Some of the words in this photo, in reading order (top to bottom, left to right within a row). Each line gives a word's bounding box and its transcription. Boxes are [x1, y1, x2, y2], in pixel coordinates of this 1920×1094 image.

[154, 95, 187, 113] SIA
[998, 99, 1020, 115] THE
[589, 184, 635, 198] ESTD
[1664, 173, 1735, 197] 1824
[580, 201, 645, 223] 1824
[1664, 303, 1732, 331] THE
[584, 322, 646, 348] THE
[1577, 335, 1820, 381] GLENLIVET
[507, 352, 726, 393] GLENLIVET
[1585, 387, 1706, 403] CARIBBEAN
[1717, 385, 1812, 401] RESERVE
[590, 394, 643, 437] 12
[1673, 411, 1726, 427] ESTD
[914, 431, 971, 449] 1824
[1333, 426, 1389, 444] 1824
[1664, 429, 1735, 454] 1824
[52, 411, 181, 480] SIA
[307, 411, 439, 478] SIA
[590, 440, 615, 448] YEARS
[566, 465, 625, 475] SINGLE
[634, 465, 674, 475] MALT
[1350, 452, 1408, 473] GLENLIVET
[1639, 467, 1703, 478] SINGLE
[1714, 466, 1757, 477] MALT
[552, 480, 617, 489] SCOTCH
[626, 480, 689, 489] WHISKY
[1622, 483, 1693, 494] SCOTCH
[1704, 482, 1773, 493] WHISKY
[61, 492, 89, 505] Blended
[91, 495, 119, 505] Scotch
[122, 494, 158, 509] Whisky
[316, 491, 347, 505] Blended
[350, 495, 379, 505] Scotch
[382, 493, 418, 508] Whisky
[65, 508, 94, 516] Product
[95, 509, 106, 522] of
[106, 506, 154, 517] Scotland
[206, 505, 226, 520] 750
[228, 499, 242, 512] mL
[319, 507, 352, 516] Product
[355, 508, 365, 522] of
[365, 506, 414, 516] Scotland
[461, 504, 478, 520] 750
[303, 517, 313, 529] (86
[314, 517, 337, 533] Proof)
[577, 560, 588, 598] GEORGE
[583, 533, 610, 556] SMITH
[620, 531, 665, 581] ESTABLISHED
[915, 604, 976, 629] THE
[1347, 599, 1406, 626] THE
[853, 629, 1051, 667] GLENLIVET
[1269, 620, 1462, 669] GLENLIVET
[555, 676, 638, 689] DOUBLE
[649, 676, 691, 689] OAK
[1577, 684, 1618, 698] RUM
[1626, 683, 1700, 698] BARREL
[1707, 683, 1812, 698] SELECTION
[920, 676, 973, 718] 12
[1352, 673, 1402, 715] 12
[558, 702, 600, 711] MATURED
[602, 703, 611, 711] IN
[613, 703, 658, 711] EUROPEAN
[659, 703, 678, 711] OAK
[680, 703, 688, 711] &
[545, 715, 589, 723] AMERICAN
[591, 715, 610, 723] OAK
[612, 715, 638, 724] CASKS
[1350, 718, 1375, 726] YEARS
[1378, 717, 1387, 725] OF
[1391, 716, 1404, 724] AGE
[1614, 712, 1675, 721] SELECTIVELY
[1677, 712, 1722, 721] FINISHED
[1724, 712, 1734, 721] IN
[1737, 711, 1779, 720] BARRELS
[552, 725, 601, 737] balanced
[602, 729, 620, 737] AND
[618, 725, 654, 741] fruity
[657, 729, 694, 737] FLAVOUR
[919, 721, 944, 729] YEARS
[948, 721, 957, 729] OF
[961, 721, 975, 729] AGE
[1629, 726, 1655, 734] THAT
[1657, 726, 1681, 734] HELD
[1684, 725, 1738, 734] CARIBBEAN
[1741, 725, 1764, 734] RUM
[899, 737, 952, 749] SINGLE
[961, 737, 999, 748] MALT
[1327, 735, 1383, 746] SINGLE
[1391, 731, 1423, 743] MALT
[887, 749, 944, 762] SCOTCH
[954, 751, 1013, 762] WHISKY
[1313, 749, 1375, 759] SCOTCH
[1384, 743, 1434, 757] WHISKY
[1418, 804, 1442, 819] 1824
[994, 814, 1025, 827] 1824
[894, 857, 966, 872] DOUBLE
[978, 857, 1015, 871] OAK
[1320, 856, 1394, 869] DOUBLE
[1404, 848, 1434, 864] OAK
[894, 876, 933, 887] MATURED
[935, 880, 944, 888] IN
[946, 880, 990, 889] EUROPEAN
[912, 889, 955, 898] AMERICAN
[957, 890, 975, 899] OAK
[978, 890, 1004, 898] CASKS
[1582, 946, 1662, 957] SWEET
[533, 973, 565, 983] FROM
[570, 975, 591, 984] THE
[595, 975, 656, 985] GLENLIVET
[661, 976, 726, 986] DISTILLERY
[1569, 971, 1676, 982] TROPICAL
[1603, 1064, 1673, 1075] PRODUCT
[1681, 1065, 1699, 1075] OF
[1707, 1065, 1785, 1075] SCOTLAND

————

## What you need to do
Exactly as written, please output every entry.

## Response
Some of the words in this photo, in reading order (top to bottom, left to right within a row). Each line gives a word's bounding box and its transcription. Boxes are [x1, y1, x2, y2], in pixel coordinates of this 1920×1094 image.

[154, 95, 187, 113] SIA
[998, 99, 1020, 115] THE
[589, 184, 635, 198] ESTD
[1664, 173, 1735, 197] 1824
[580, 201, 645, 223] 1824
[1664, 303, 1732, 331] THE
[584, 322, 646, 348] THE
[1577, 335, 1820, 381] GLENLIVET
[507, 352, 726, 393] GLENLIVET
[1585, 387, 1706, 403] CARIBBEAN
[1717, 385, 1812, 401] RESERVE
[590, 394, 643, 437] 12
[1673, 411, 1726, 427] ESTD
[914, 431, 971, 449] 1824
[1333, 426, 1389, 444] 1824
[1664, 429, 1735, 454] 1824
[52, 411, 181, 480] SIA
[307, 411, 439, 478] SIA
[590, 440, 615, 448] YEARS
[566, 465, 625, 475] SINGLE
[634, 465, 674, 475] MALT
[1350, 452, 1408, 473] GLENLIVET
[1639, 467, 1703, 478] SINGLE
[1714, 466, 1757, 477] MALT
[552, 480, 617, 489] SCOTCH
[626, 480, 689, 489] WHISKY
[1622, 483, 1693, 494] SCOTCH
[1704, 482, 1773, 493] WHISKY
[61, 492, 89, 505] Blended
[91, 495, 119, 505] Scotch
[122, 494, 158, 509] Whisky
[316, 491, 347, 505] Blended
[350, 495, 379, 505] Scotch
[382, 493, 418, 508] Whisky
[65, 508, 94, 516] Product
[95, 509, 106, 522] of
[106, 506, 154, 517] Scotland
[206, 505, 226, 520] 750
[228, 499, 242, 512] mL
[319, 507, 352, 516] Product
[355, 508, 365, 522] of
[365, 506, 414, 516] Scotland
[461, 504, 478, 520] 750
[303, 517, 313, 529] (86
[314, 517, 337, 533] Proof)
[577, 560, 588, 598] GEORGE
[583, 533, 610, 556] SMITH
[620, 531, 665, 581] ESTABLISHED
[915, 604, 976, 629] THE
[1347, 599, 1406, 626] THE
[853, 629, 1051, 667] GLENLIVET
[1269, 620, 1462, 669] GLENLIVET
[555, 676, 638, 689] DOUBLE
[649, 676, 691, 689] OAK
[1577, 684, 1618, 698] RUM
[1626, 683, 1700, 698] BARREL
[1707, 683, 1812, 698] SELECTION
[920, 676, 973, 718] 12
[1352, 673, 1402, 715] 12
[558, 702, 600, 711] MATURED
[602, 703, 611, 711] IN
[613, 703, 658, 711] EUROPEAN
[659, 703, 678, 711] OAK
[680, 703, 688, 711] &
[545, 715, 589, 723] AMERICAN
[591, 715, 610, 723] OAK
[612, 715, 638, 724] CASKS
[1350, 718, 1375, 726] YEARS
[1378, 717, 1387, 725] OF
[1391, 716, 1404, 724] AGE
[1614, 712, 1675, 721] SELECTIVELY
[1677, 712, 1722, 721] FINISHED
[1724, 712, 1734, 721] IN
[1737, 711, 1779, 720] BARRELS
[552, 725, 601, 737] balanced
[602, 729, 620, 737] AND
[618, 725, 654, 741] fruity
[657, 729, 694, 737] FLAVOUR
[919, 721, 944, 729] YEARS
[948, 721, 957, 729] OF
[961, 721, 975, 729] AGE
[1629, 726, 1655, 734] THAT
[1657, 726, 1681, 734] HELD
[1684, 725, 1738, 734] CARIBBEAN
[1741, 725, 1764, 734] RUM
[899, 737, 952, 749] SINGLE
[961, 737, 999, 748] MALT
[1327, 735, 1383, 746] SINGLE
[1391, 731, 1423, 743] MALT
[887, 749, 944, 762] SCOTCH
[954, 751, 1013, 762] WHISKY
[1313, 749, 1375, 759] SCOTCH
[1384, 743, 1434, 757] WHISKY
[1418, 804, 1442, 819] 1824
[994, 814, 1025, 827] 1824
[894, 857, 966, 872] DOUBLE
[978, 857, 1015, 871] OAK
[1320, 856, 1394, 869] DOUBLE
[1404, 848, 1434, 864] OAK
[894, 876, 933, 887] MATURED
[935, 880, 944, 888] IN
[946, 880, 990, 889] EUROPEAN
[912, 889, 955, 898] AMERICAN
[957, 890, 975, 899] OAK
[978, 890, 1004, 898] CASKS
[1582, 946, 1662, 957] SWEET
[533, 973, 565, 983] FROM
[570, 975, 591, 984] THE
[595, 975, 656, 985] GLENLIVET
[661, 976, 726, 986] DISTILLERY
[1569, 971, 1676, 982] TROPICAL
[1603, 1064, 1673, 1075] PRODUCT
[1681, 1065, 1699, 1075] OF
[1707, 1065, 1785, 1075] SCOTLAND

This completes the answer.